_Requirement_
Please repeat the records exactly, keeping the pictures out.

-- Opening Marker --

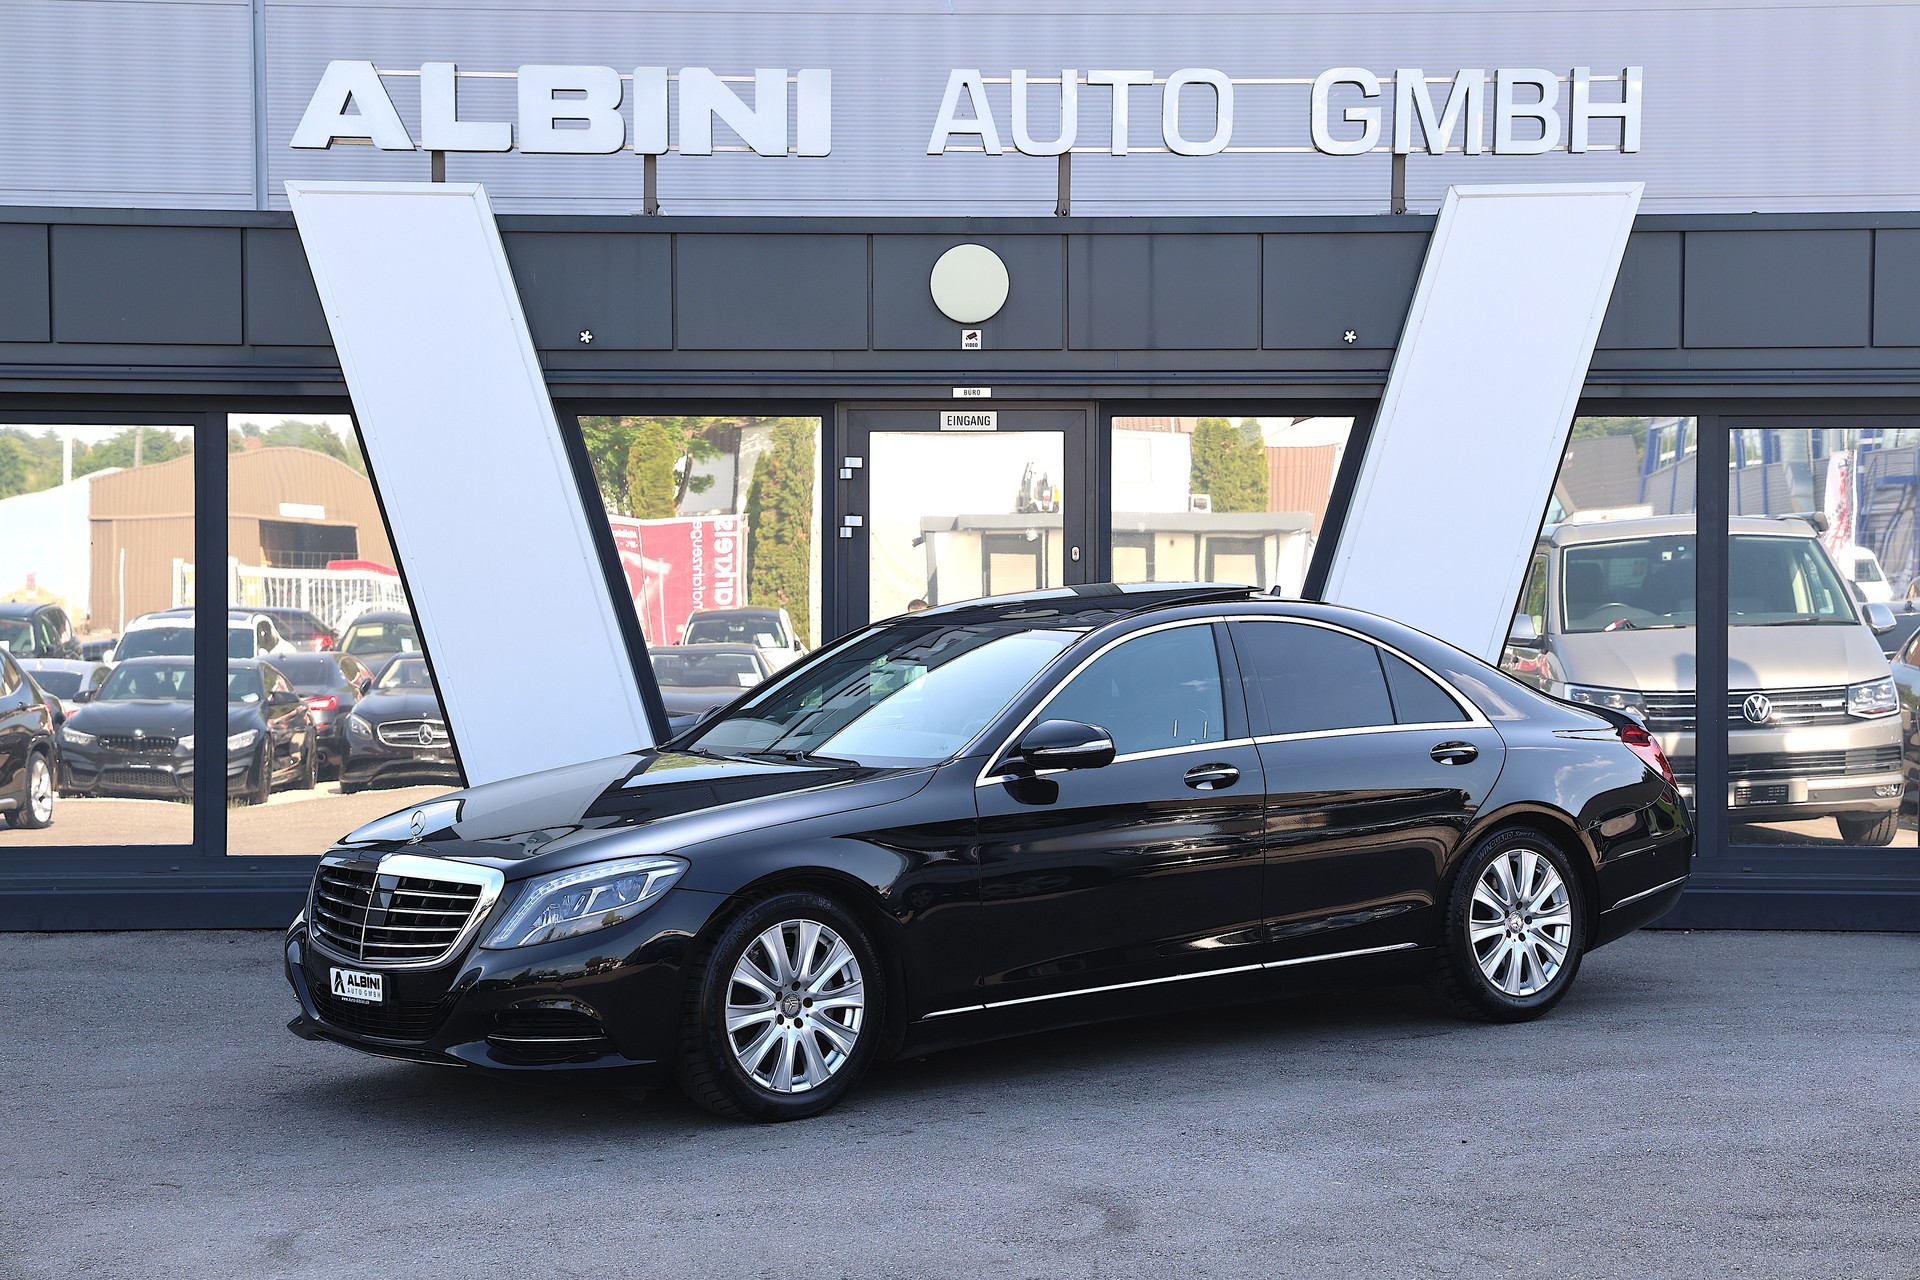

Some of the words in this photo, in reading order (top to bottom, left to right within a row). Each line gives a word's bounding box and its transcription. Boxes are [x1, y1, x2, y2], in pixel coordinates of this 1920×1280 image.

[290, 60, 832, 157] ALBINI
[926, 67, 1235, 157] AUTO
[1310, 65, 1644, 156] GMBH
[947, 415, 991, 426] EINGANG
[347, 974, 381, 990] ALBINI
[347, 987, 362, 995] AUTO
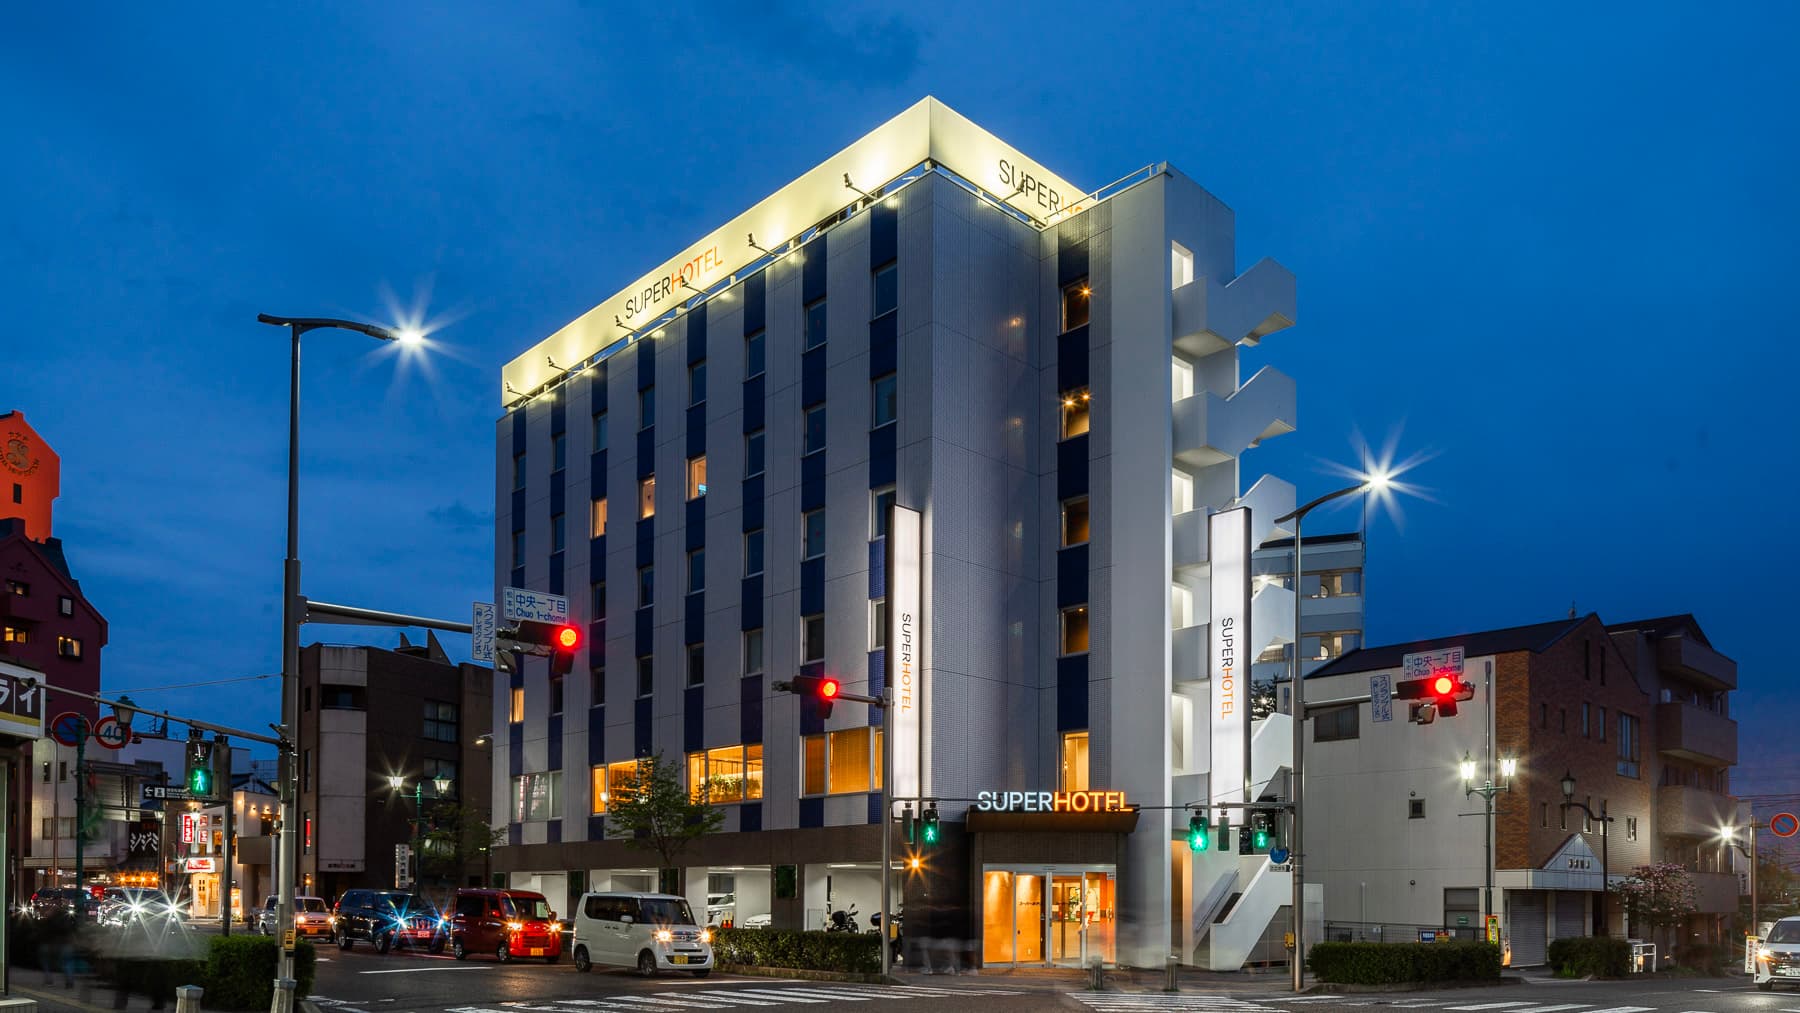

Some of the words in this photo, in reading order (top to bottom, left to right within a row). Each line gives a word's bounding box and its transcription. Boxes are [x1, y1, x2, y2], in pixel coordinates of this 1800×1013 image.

-- Closing Marker --

_Result_
Some of the words in this photo, in reading order (top to bottom, left to right within a row). Each line gives a word's bounding box and its transcription. Boxes are [x1, y1, x2, y2], in pixel coordinates of this 1920×1280 image.

[290, 60, 832, 157] ALBINI
[926, 67, 1235, 157] AUTO
[1310, 65, 1644, 156] GMBH
[947, 415, 991, 426] EINGANG
[347, 974, 381, 990] ALBINI
[347, 987, 362, 995] AUTO

Some of the words in this photo, in reading order (top to bottom, left to right within a row). Each line gives a word's bounding box and its transcription. Boxes are [x1, y1, x2, y2], in pixel coordinates of this 1800×1013 image.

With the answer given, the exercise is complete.